White space is the name we give to tabs, spaces, and new lines. Perl is very flexible about where you put white space in your program. We have already seen how we're free to use indentation to help show the structure of blocks. You don't need to use any white space at all, if you don't want to. If you prefer, your programs can all look like this:

 print"Top level\n";{print"Second level\n";{print"Third level\n";}print"Where are
 we?";}

Personally, though, I'd call that a bad idea. White space is another tool we have to make our programs more understandable. Let's use it as such.

Number Systems

base 2, the binary system. In the binary system, one digit represents one unit of information: one binary digit, or bit.

As well as binary, there are two more important sequences we need to know about when talking to computers. We don't often get to deal with binary directly, but the following two sequences have a logical relationship to base 2 counting. The first is octal, base 8.

Eight is an important number in computing. Bits are organized in groups of eight to form bytes, giving you the range of 0 to 255 that we saw earlier with ASCII. Each ASCII character can be represented by one byte. As we said in the paragraph before, octal is one way of counting bits – it has, however, fallen out of fashion these days. Octal numbers all start with 0, (that's a zero, not an oh) so we know they're octal and proceed as you'd expect: 00, 01, 02, 03, 04, 05, 06, 07, carry one, 010, 011, 012...017, carry one, 020 and so on. Perl recognizes octal numbers if you're certain to put that zero in front, like this:

 print 01101;

prints out the decimal number:

 577

The second is called the hexadecimal system, as mentioned above. Of course, programmers are lazy, so they just call it hex. (They like the wizard image.)

Decimal is base 10, and hexagons have six sides, so this system is base 16. As you might have guessed from the number 1F18 above, digits above 9 are represented by letters, so A is 10, B is 11, and so on, all the way through to F which is 15. We then carry one and start with 10 (which, in decimal, is 16) all the way up through 19, 1A, 1B, 1C, 1D, 1E, 1F, and carry one again to get 20 (which in decimal is 32). The magic number 255, the maximum number we can store in one byte, is FF. Two bytes next to each other can get you up to FFFF, better known as 65535. We met 65535 as the highest number in the Unicode character set, and you guessed it, a Unicode character can be stored as a pair of bytes.

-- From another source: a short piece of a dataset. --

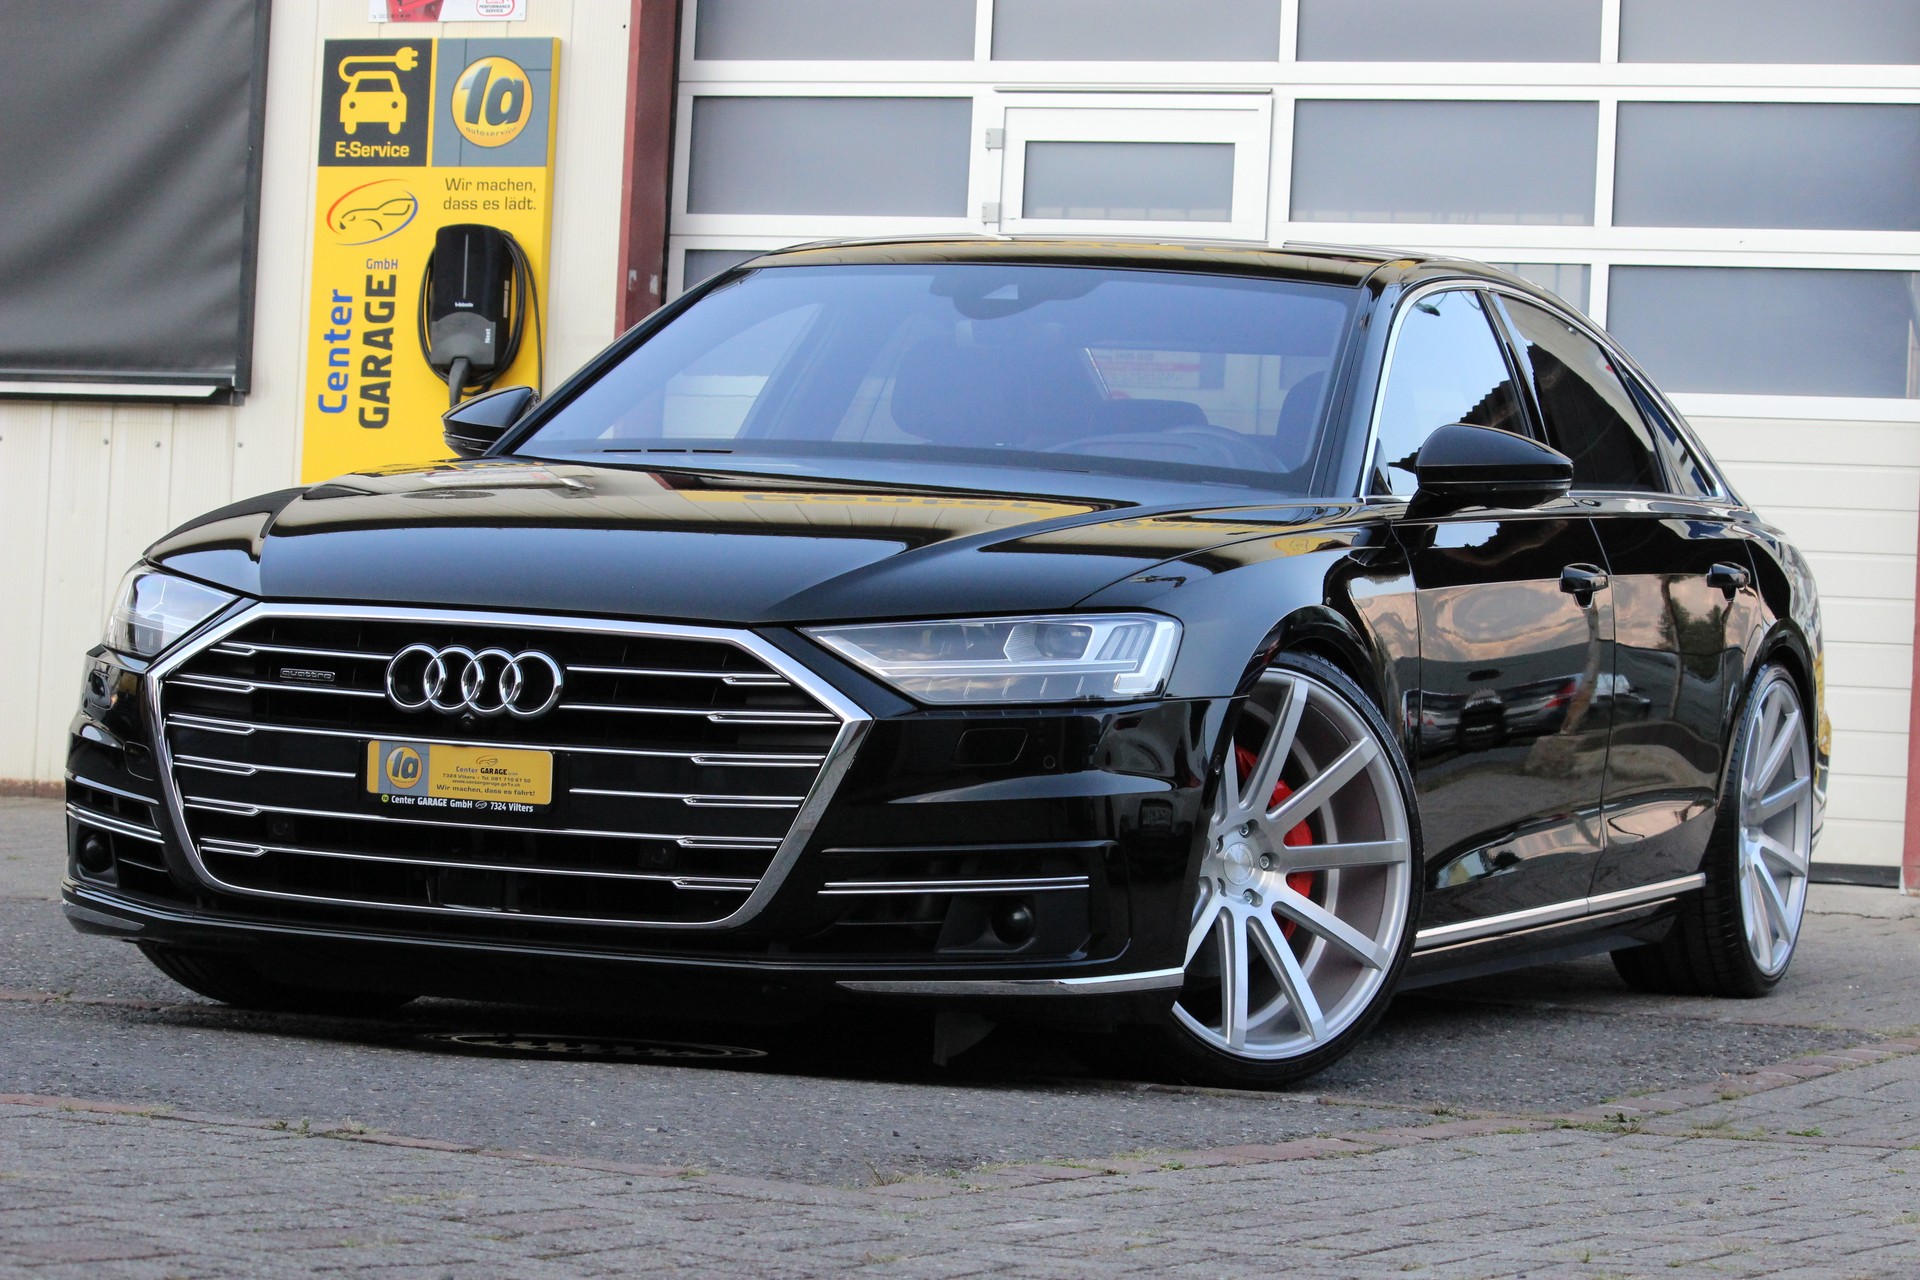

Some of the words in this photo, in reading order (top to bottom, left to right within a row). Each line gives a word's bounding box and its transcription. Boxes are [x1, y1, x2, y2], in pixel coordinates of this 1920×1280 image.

To get perl to recognize hex, place 0x in front of the digits so that:

 print 0xBEEF;

gives the answer:

 48879

Working with Simple Values

Types of Data

A lot of programming jargon is about familiar words in an unfamiliar context. We've already seen a string, which was a series of characters. We could also describe that string as a scalar literal constant. What does that mean?

It's a literal, because it's something that means what it says, as opposed to a variable. A variable is more like a pigeonhole for data; the important thing is to look inside it and see what it contains. A variable, such as $fish, is probably not going to stand for the word 'fish' preceded by a dollar sign, it's more likely to contain 'trout', 42, or –10. A literal, on the other hand, such as the string "Hello, world" is the piece of paper that goes into a pigeonhole – it doesn't stand for something else. It represents literally those twelve characters.

It's also a constant, because it can't change. Variables, as their name implies, may change their contents, but constants are written into the text of your program once and for all, and the program can't change that. Another way of expressing this is that the data is hard-coded into the program. We will see later how it's almost always better to avoid hard-coding information.

By calling a variable a scalar, we're describing the type of data it contains. If you remember your math (and even if you don't) a scalar is a plain, simple, one-dimensional value. In math, the word is used to distinguish it from a vector, which is expressed as several numbers. Velocity, for example, has a pair of co-ordinates (speed and direction), and so must be a vector. In Perl, a scalar is the fundamental, basic unit of data of which there are two kinds – numbers and strings.